Ese 29 de julio, después de dejar a mis espaldas el departamento hecho polvo, me encontré desorientado. No podían ser simples ladrones ni un ataque a ciegas. En algún momento pensé en volver sobre mis pasos y tratar de cruzar dos palabras con el portero, pero me aterrorizó que quienes me habían buscado por la noche pudiesen insistir por la mañana. Me dije que había hecho bien huyendo como lo hice. ¿Pero dónde iba a ir? Si conocían mi dirección, conocerían la de la casa de mis padres, o la de Sandoval, en una de esas. No podía arriesgarme, o arriesgarlos. Pero no tenía un centavo. De hecho estaba caminando por Rivadavia hacia el Centro, pero no tenía un destino fijo. Miré la altura: el cinco mil. ¿Y con eso qué?

Podía ir al Juzgado y radicar la denuncia en la Cámara de Apelaciones, si no confiaba en hacerla directamente en la comisaría. No era seguro. ¿Y si me estaban esperando en los alrededores de Tribunales? Pero ¿quiénes, por Dios? ¿Quiénes eran? Atiné a pasar por delante de un bar que tenía teléfono público. Entré y revisé mis bolsillos. Entre las cuatro o cinco monedas que traía apareció un cospel. Acudí a Alfredo Báez, el único tipo al que le tenía una confianza ciega.

Lo sorprendió mi llamado pero enseguida, tal vez alertado por la alarmada premura de mi voz, ordenó el caos de mi relato con algunas preguntas precisas y coherentes. De él partió la iniciativa de que nos encontrásemos unas horas después, en Plaza Miserere, del lado de Pueyrredón.

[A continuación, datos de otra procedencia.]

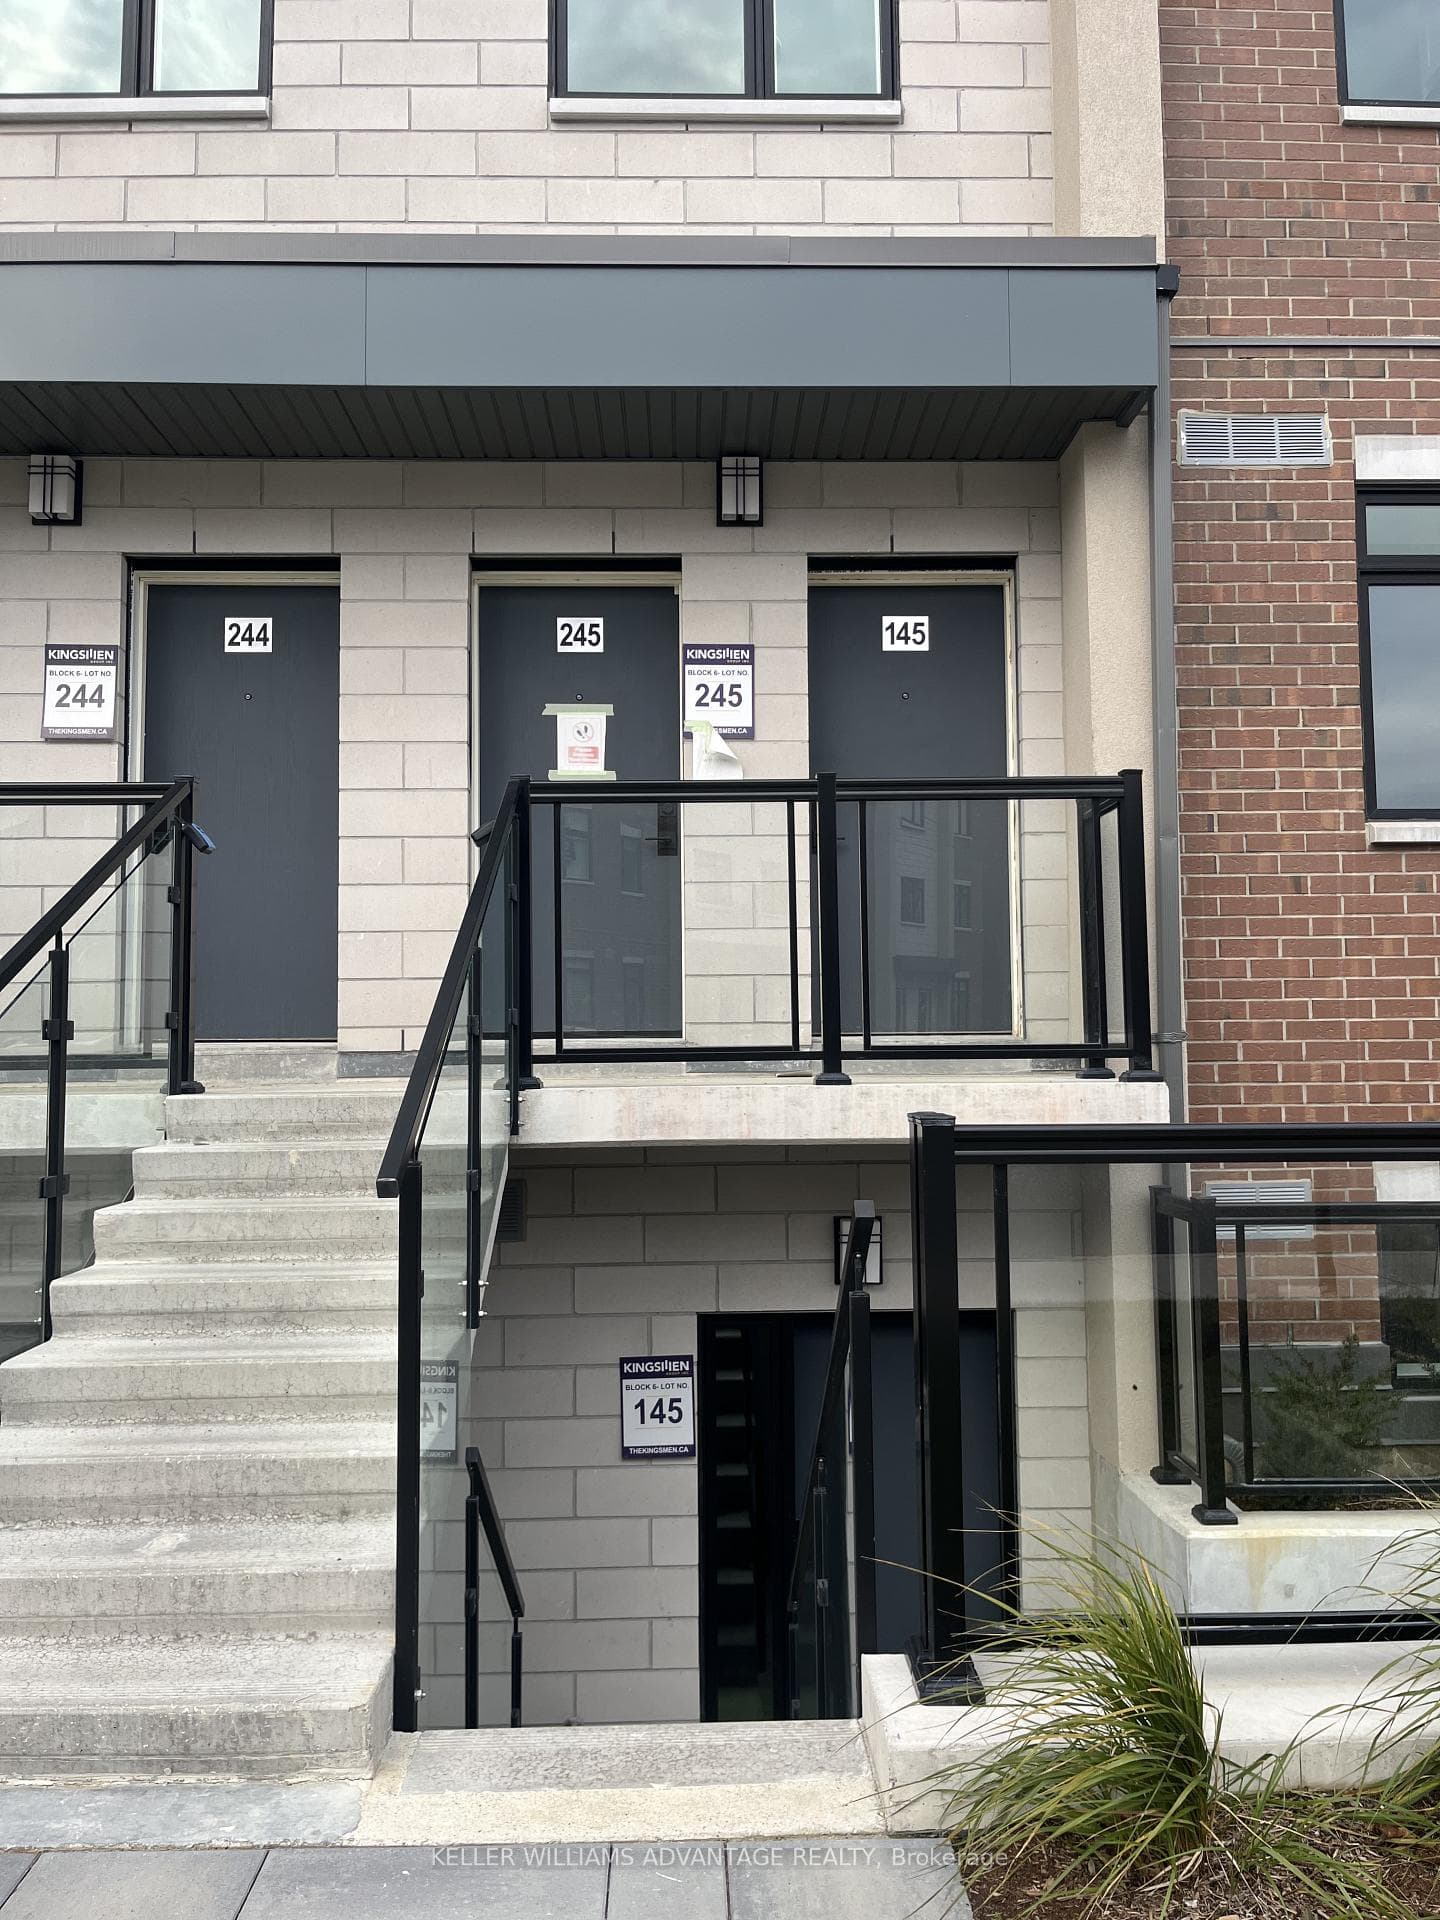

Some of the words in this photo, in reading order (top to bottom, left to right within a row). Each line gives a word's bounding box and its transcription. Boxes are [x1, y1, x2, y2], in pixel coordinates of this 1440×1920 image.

[228, 622, 270, 647] 244
[559, 622, 601, 647] 245
[885, 621, 926, 646] 145
[55, 683, 105, 708] 244
[695, 683, 743, 708] 245
[634, 1397, 683, 1425] 145
[629, 1446, 689, 1455] THEKINGSMEN.CA

Di vueltas por ahí toda la mañana. Casi a mediodía caí en la cuenta de que no había avisado al Juzgado de mi ausencia. Con las últimas monedas compré un cospel y llamé a la oficina. Aduje una gripe repentina. Me comentaron que Sandoval también había dado parte de enfermo. Di un par de instrucciones: lo que hacía siempre cuando me ausentaba. Me consolé pensando que no eran días de trabajo demasiado abundante. Más me habría preocupado si hubiera sabido que faltaban siete años para que volviese a pisar ese Juzgado.

Desde las dos me ubiqué en un banco de la plaza. A las dos y media me sobresalté: un tipo acababa de sentarse a mi lado. Giré la cabeza. Era Báez.

—Lo suyo no es el espionaje con ocultamiento, ¿no? —todavía andaba con ganas de joder, pensé.

—Disculpe que lo haya molestado. Pero no tenía a quién recurrir.

—No se haga problema. Cuénteme en qué anda.

Le relaté con pelos y señales todo lo que había visto desde que había llegado a mi departamento hasta que salí pitando de ahí. No me llevó mucho tiempo, aunque creo que demoré más en contarlo que en vivirlo.

—¿Qué me dijo que faltaba en su casa? —preguntó cuando terminé.

—El televisor y el combinado.

—Y la frase del espejo…

—Decía que iban a reventarme, y que me había escapado de casualidad.

—Y lo nombraba a usted, ¿cierto?

—Sí.

Báez se contempló unos minutos las puntas de los zapatos. Después giró la cabeza hacia mí y habló.

—Mire, Chaparro. Si es lo que creo que es, está jodido. Por si acaso, no regrese ni a su casa, ni al Juzgado, ni a ningún lado en el que lo conozcan. Por lo menos hasta que vuelva a comunicarme con usted.

—¿Y qué carajo hago? —en otro momento me habría dado vergüenza exhibirme así de vulnerable delante de Báez, pero en esas circunstancias no tenía límite.

Pensó otro rato.

—Haga lo siguiente. Hoy dese una vuelta por una pensión que se llama La Banderita, en Humberto I y Defensa. Pero no ahora, guarda. Deme tiempo de pasar primero por ahí, a hablar con el dueño. Usted llega, dice que se llama… Rodríguez, Abel Rodríguez, y que tiene una habitación paga. Yo voy a dejarle un adelanto por toda la semana. Usted, dicho sea de paso, anda sin un cobre en el bolsillo, ¿no es así?